Duke Richard of Gloucester said to the Lieutenant, “Sirrah, leave us to ourselves. We must confer.”

The Lieutenant exited.

King Henry VI, who suspected what was about to occur, and who may have had the gift of prophecy, said, “So flees the reckless shepherd from the wolf. So the harmless sheep first yields his fleece and next yields his throat to the butcher’s knife. What scene of death has the famous Roman tragedian Roscius now to act? How am I to die?”

Duke Richard of Gloucester replied, “Suspicion always haunts the guilty mind. The thief is afraid that each bush is an officer of the law.”

King Henry VI said, “After being trapped in a bush, with trembling wings a bird fears every bush. And I, the hapless father to one sweet bird, the Prince, now have the fatal object in my eye where my poor young bird was trapped, caught, and killed. I need not fear every bush because in front of me I see the bush that I ought to fear.”

Duke Richard of Gloucester said, “Why, what a peevish fool was that father of Crete, who taught his son the function of a foolish fowl! And yet, for all his wings, the fool was drowned.”

He was referring to the myth of Daedalus and Icarus. Imprisoned by King Minos on the island of Crete, they escaped after Daedalus fashioned wings made of wax and feathers. Icarus, however, flew too close to the hot Sun, which melted the wax of his wings, and he fell into the sea and drowned.

King Henry VI said, “I am Daedalus; my poor boy is Icarus; your father, the old Duke of York, is King Minos, who would not allow us to freely leave Crete; the sun that seared the wings of my sweet boy is your brother Edward; and you yourself are the sea whose malicious whirlpool swallowed up my son’s life. Ah, kill me with your weapon, not with words! My breast can better endure feeling your dagger’s point than my ears can endure hearing that tragic history.

“But why have you come? Have you come to take my life?”

Duke Richard of Gloucester asked, “Do you think that I am an executioner?”

“I am sure you are a persecutor,” King Henry VI said. “If murdering innocents is executing, why, then you are an executioner.”

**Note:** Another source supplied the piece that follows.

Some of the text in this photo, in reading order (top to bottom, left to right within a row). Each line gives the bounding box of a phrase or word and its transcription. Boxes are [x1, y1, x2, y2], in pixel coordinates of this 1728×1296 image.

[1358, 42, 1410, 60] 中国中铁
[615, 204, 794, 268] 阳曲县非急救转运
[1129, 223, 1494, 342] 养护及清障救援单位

“I killed your son for his presumption,” Duke Richard of Gloucester said.

“If you had been killed when you first presumed, then you would not have lived to kill a son of mine,” King Henry VI said. “And thus I prophesy that many a thousand people, who now mistrust no part of what I fear, and many an old man’s and many a widow’s sigh, and many an orphan’s tear-filled eye — men for their sons, wives for their husbands, and orphans for their parents’ untimely death — shall bitterly regret the hour that you were born.

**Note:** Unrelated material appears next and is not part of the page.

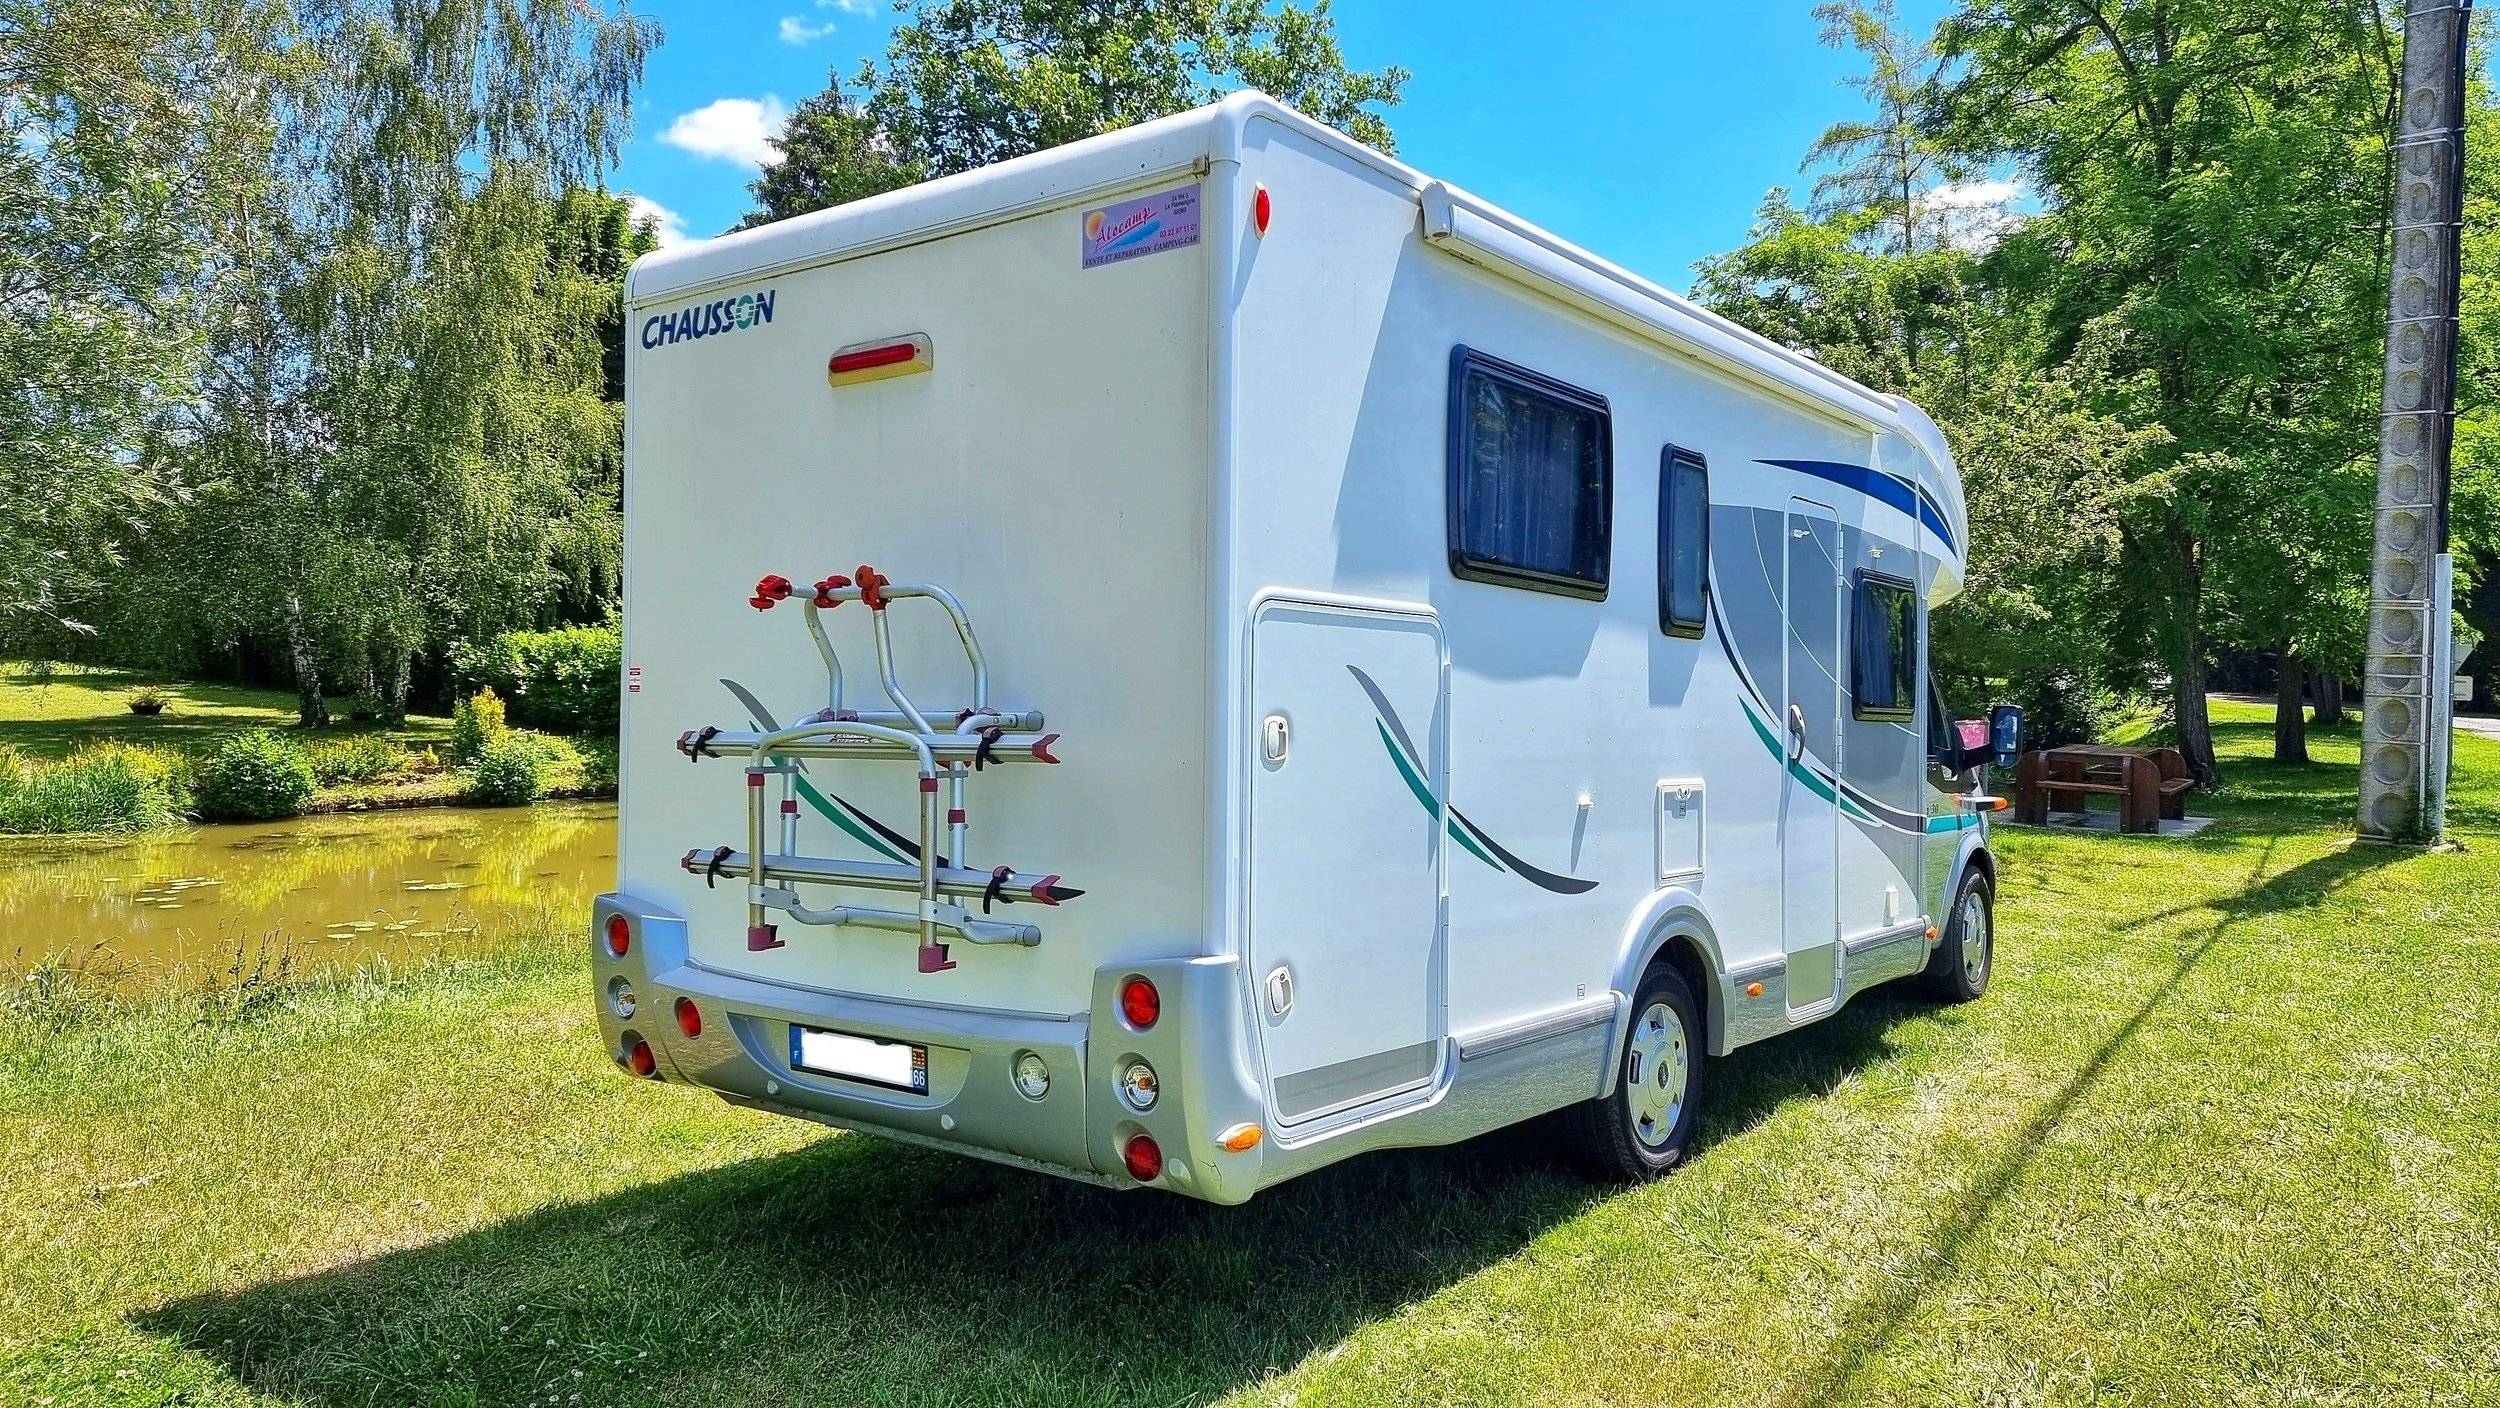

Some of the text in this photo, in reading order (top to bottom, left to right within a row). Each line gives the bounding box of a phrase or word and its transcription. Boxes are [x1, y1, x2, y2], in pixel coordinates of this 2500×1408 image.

[641, 289, 776, 350] CHAUSSON
[793, 1050, 799, 1060] F
[913, 1069, 926, 1087] 66

“The owl shrieked at your birth — an evil sign. The night-crow cried, foretelling a luckless time. Dogs howled, and a hideous tempest shook down trees. The raven crouched on the chimney’s top, and chattering magpies sang dismal discords.

“Your mother felt more than a mother’s pain of childbirth, and yet brought forth less than a mother’s hope. I mean that she gave birth to an incomplete and deformed lump, not like the fruit expected from such a splendid tree as your mother.

“You had teeth in your head when you were born to signify that you came to bite the world. And, if the rest be true that I have heard, you came —”

“I’ll hear no more,” Duke Richard of Gloucester said. “Die, prophet, in the middle of your speech.”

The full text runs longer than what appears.